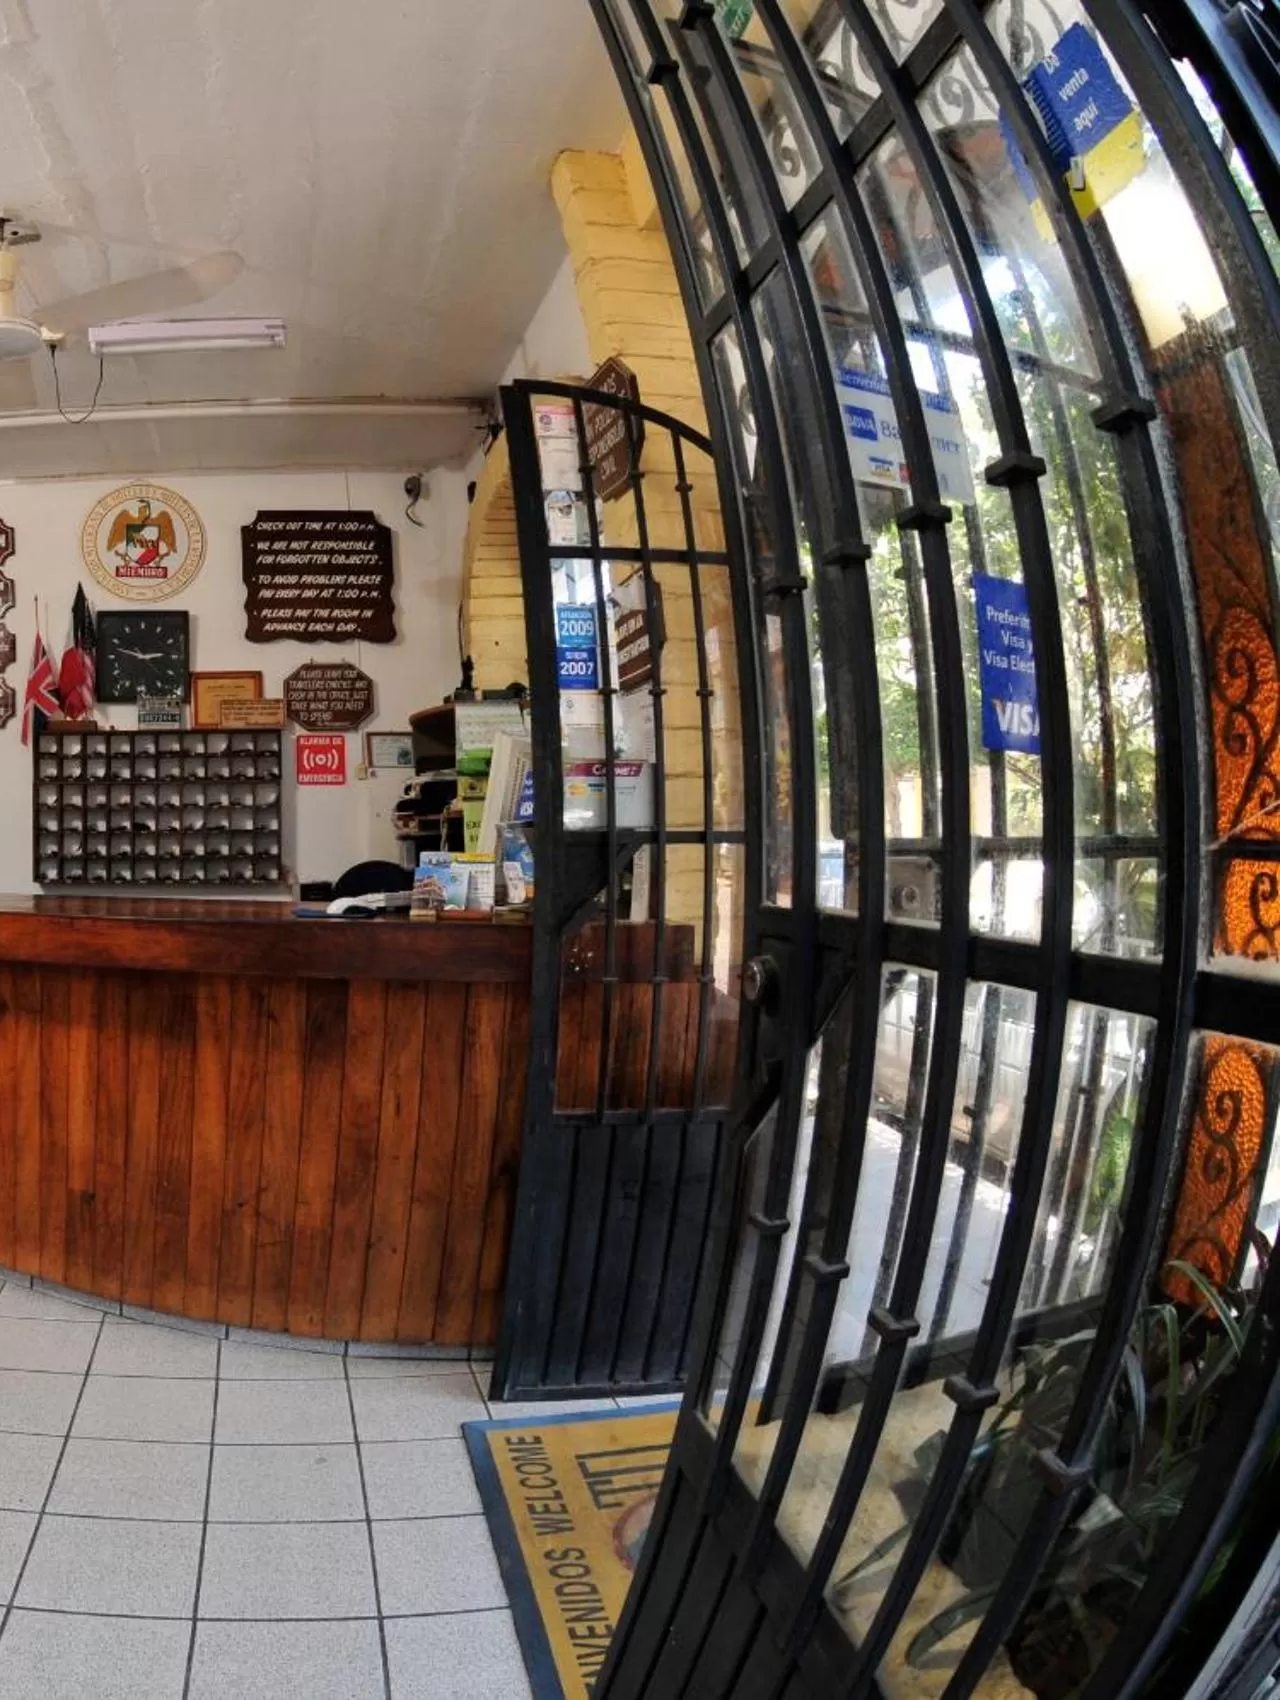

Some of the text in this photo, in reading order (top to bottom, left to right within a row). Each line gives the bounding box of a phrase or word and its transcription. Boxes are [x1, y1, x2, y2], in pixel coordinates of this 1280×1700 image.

[1059, 67, 1089, 101] venta
[257, 521, 285, 531] CHECK
[286, 521, 303, 531] OUT
[305, 521, 323, 531] TIME
[324, 521, 337, 531] AT
[257, 540, 375, 550] WE ARE NOT RESPONSIBLE
[256, 554, 276, 564] FOR
[276, 554, 330, 564] FORGOTTEN
[259, 575, 272, 584] TO
[272, 575, 300, 584] AVOID
[347, 575, 382, 584] PLEASE
[258, 588, 276, 599] PAY
[275, 588, 301, 599] EVERY
[301, 588, 319, 599] DAY
[320, 588, 335, 599] AT
[261, 608, 374, 618] PLEASE PAY THE ROOM IN
[263, 622, 307, 632] ADVANCE
[308, 622, 335, 632] EACH
[561, 620, 594, 636] 2009
[1001, 629, 1026, 649] Visa
[984, 650, 1008, 669] Visa
[560, 661, 594, 675] 2007
[299, 736, 330, 745] ALARMA
[504, 1434, 575, 1537] WELCOME
■ ■ ■ ■ ■ ■ ■
▶ **WHAT THE EXERCISE ASKS**
Repeat the records exactly but leave out the images.

▶ **ANSWER SECTION**
Some of the text in this photo, in reading order (top to bottom, left to right within a row). Each line gives the bounding box of a phrase or word and its transcription. Boxes are [x1, y1, x2, y2], in pixel coordinates of this 1280×1700 image.

[1059, 67, 1089, 101] venta
[257, 521, 285, 531] CHECK
[286, 521, 303, 531] OUT
[305, 521, 323, 531] TIME
[324, 521, 337, 531] AT
[257, 540, 375, 550] WE ARE NOT RESPONSIBLE
[256, 554, 276, 564] FOR
[276, 554, 330, 564] FORGOTTEN
[259, 575, 272, 584] TO
[272, 575, 300, 584] AVOID
[347, 575, 382, 584] PLEASE
[258, 588, 276, 599] PAY
[275, 588, 301, 599] EVERY
[301, 588, 319, 599] DAY
[320, 588, 335, 599] AT
[261, 608, 374, 618] PLEASE PAY THE ROOM IN
[263, 622, 307, 632] ADVANCE
[308, 622, 335, 632] EACH
[561, 620, 594, 636] 2009
[1001, 629, 1026, 649] Visa
[984, 650, 1008, 669] Visa
[560, 661, 594, 675] 2007
[299, 736, 330, 745] ALARMA
[504, 1434, 575, 1537] WELCOME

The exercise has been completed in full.